6.5.2. Valeur sémiologique
Elle traduit une rétention biliaire
 Par lithiase du cholédoque, ou plus rarement helminthiase cholédocienne.
 Par compression extrinsèque :
* pancréatite, cancer du pancréas ;
* cancer des voies biliaires, du foie ;
* adénopathies …
6.6. Hépatomégalies de surcharge
6.6.1. Stéatose hépatique
 Gros foie isolé, mou, régulier à bord inférieur mousse, parfois légèrement sensible.
 La stéatose peut s’observer en cas d’alcoolisme, de dénutrition, de diabète ou d’obésité
6.6.2. Amylose hépatique plus rare
 Gros foie ferme, parfois dur, lisse et régulier. Il peut être associé a une amylose digestive, cardiaque
ou rénale…
 L’amylose est souvent secondaire à une infection chronique, un myélome ou une polyarthrite
rhumatoïde.

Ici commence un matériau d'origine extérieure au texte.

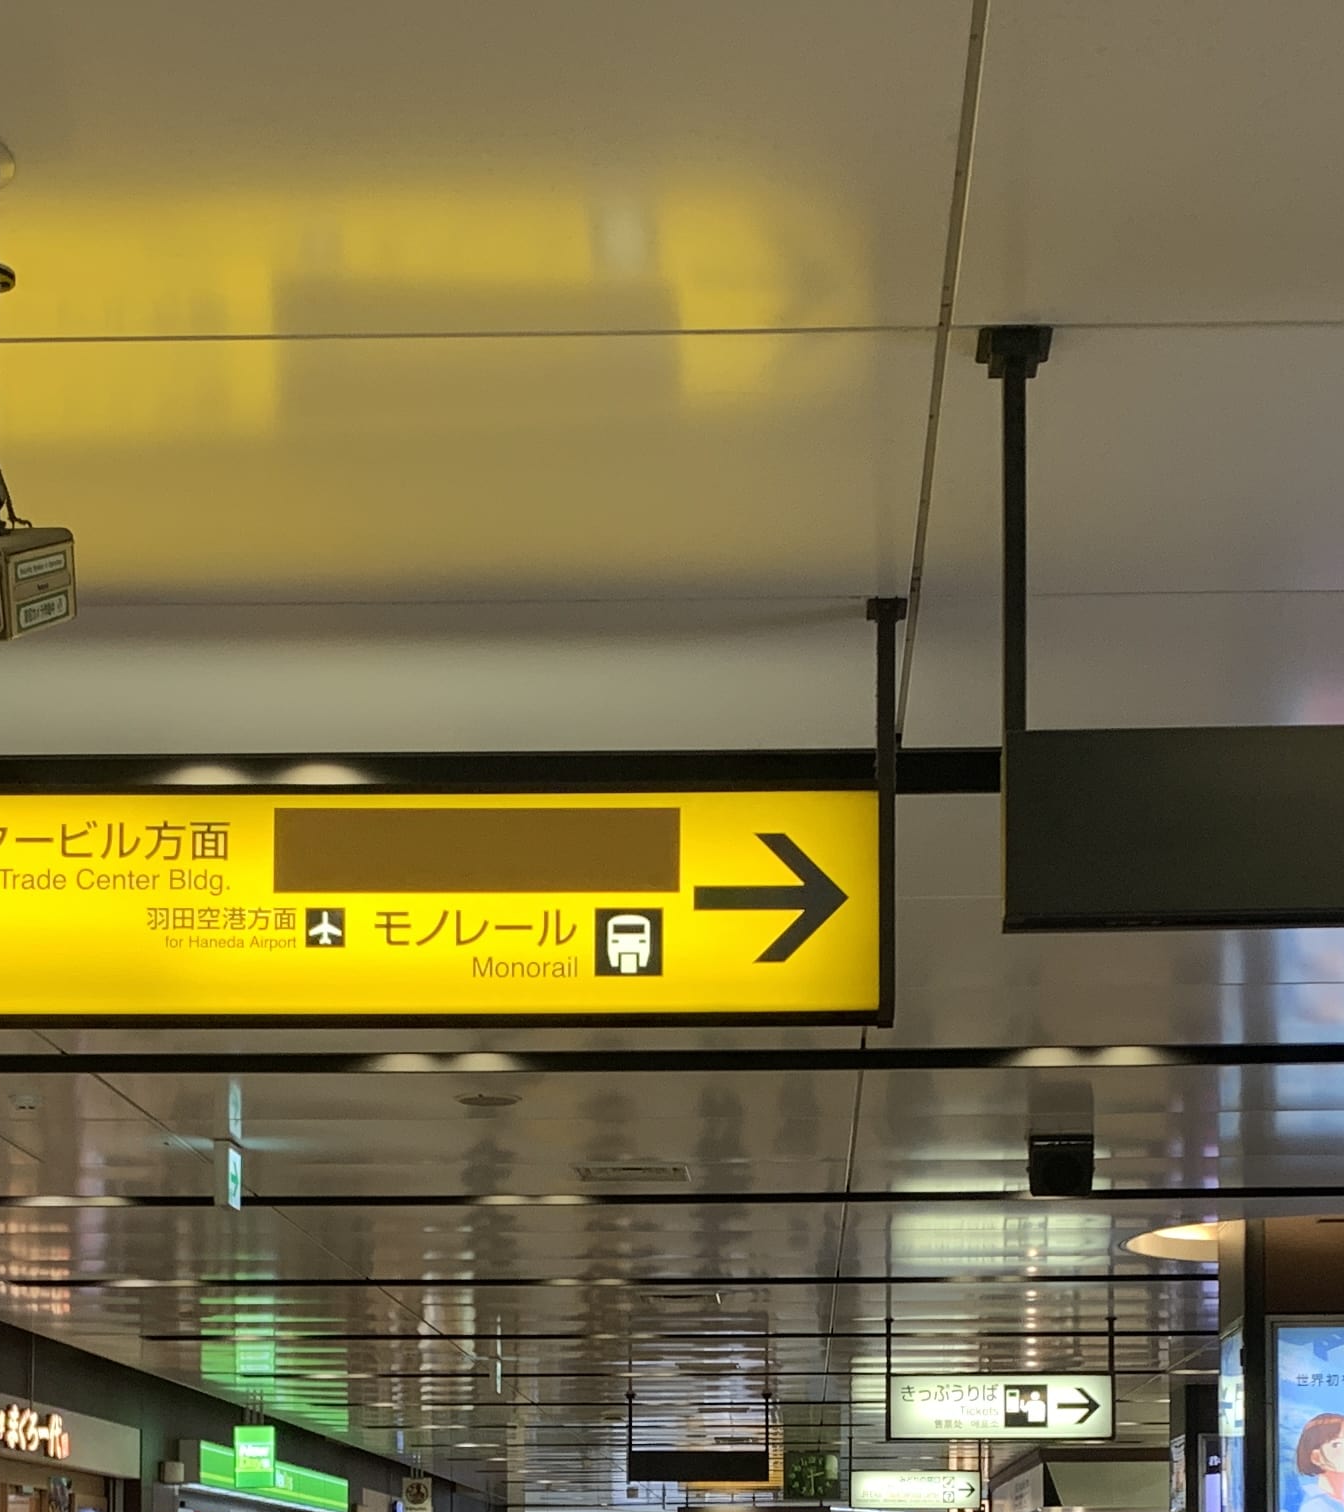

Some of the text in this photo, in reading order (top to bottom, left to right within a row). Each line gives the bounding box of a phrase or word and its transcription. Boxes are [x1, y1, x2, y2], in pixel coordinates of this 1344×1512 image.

[0, 868, 67, 890] Trade
[76, 868, 160, 891] Center
[169, 868, 232, 897] Bldg.
[146, 906, 297, 931] 羽田空港方面
[374, 908, 577, 948] モノレール
[165, 935, 297, 952] for Haneda Airport
[473, 956, 578, 979] Monorail
[900, 1384, 999, 1403] きっぷうりば
[960, 1405, 999, 1417] Tickets
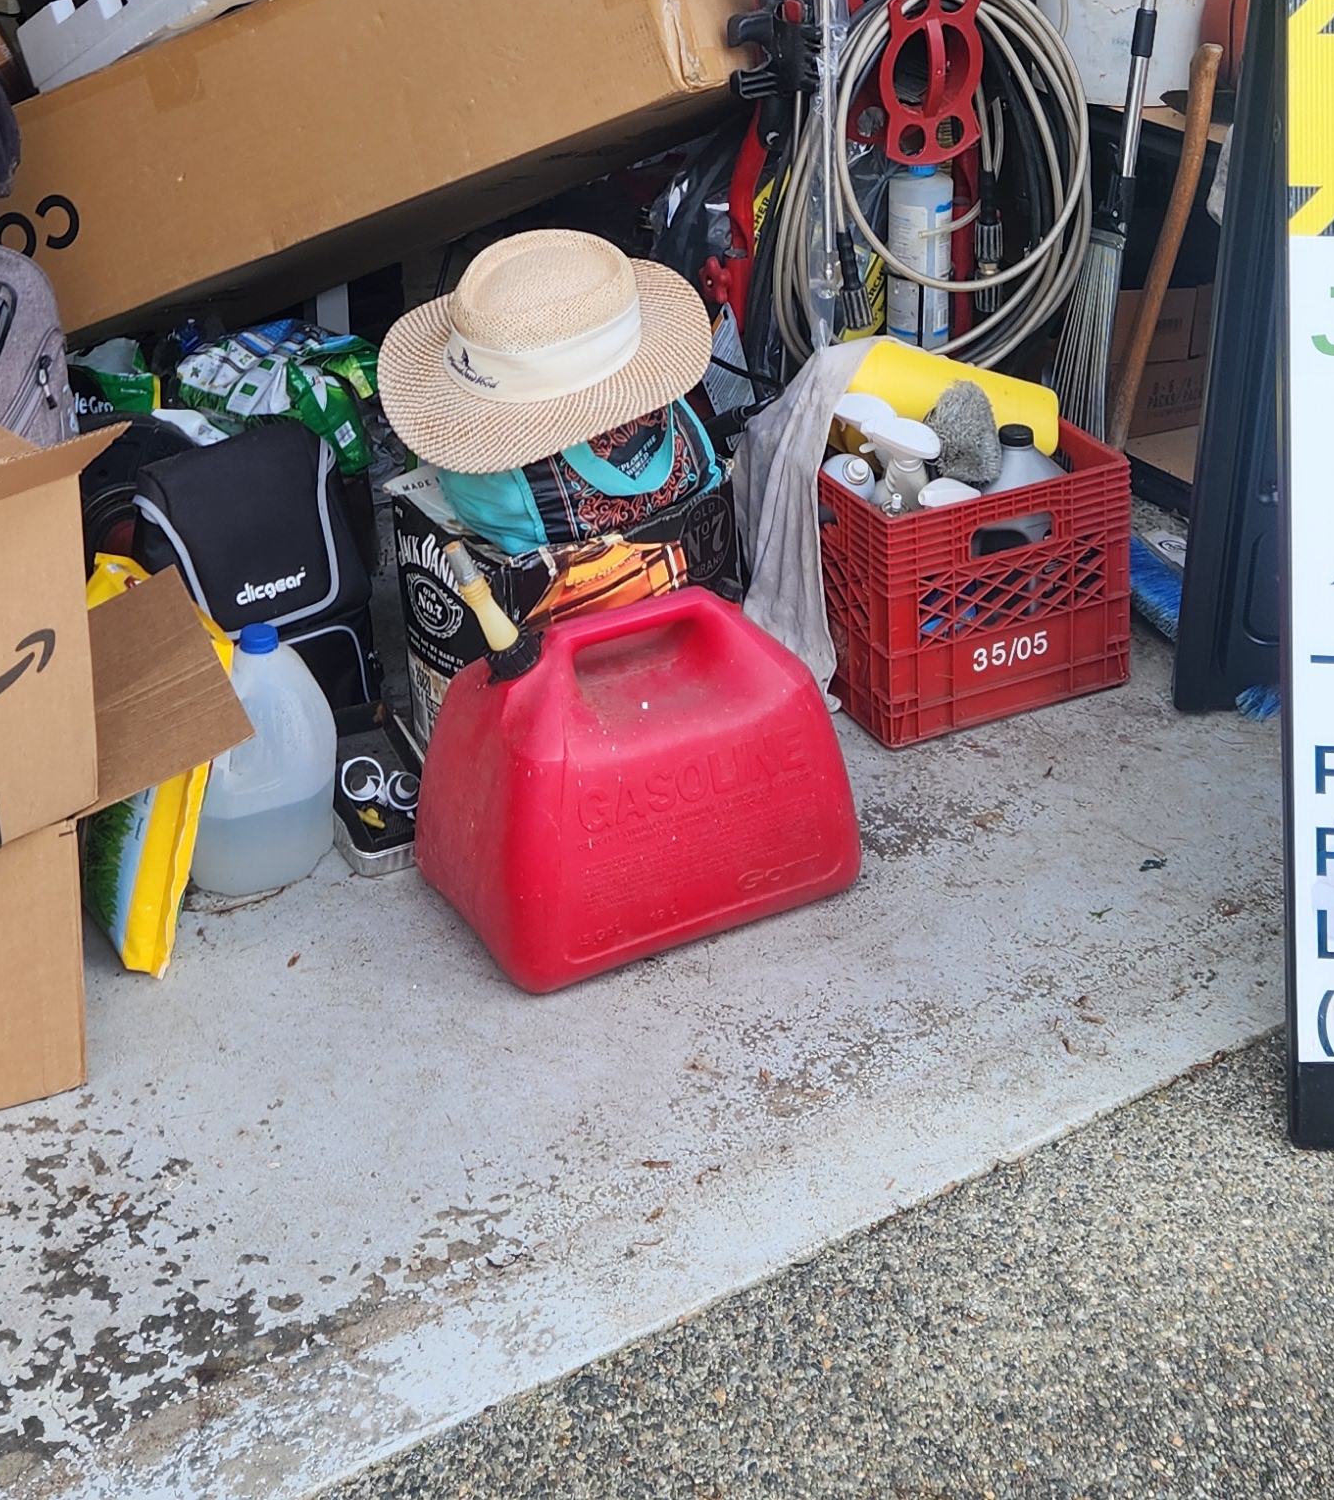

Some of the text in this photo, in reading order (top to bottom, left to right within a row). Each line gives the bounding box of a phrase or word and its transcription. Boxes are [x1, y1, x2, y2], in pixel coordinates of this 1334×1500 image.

[402, 480, 433, 493] MADE
[693, 501, 716, 522] OLD
[396, 528, 465, 599] JACK DANI
[693, 552, 726, 577] BRAND
[236, 568, 307, 607] clicgear
[422, 586, 437, 601] Old
[971, 629, 1051, 674] 35/05
[576, 725, 808, 834] GASOLINE

Elle peut être primitive.

7. CONCLUSION
 Les principales causes d’hépatomégalie dure sont les hépatites chroniques, les cirrhoses et les
cancers.
 Une hépatomégalie dure avec signes d’hypertension portale et/ou d’insuffisance hépatocellulaire
correspond le plus souvent à une cirrhose.
 Un gros foie avec fièvre évoque en premier lieu un abcès, un cancer, une hépatite alcoolique aiguë.
 Une hépatomégalie douloureuse doit faire évoquer un abcès, une lithiase biliaire, un foie cardiaque
ou une tumeur hépatique.
 Une hépatomégalie avec ictère évoque en premier lieu un obstacle sur la voie biliaire ou une
hépatite alcoolique aiguë.
 Une hépatomégalie molle et isolée correspond le plus souvent à une stéatose.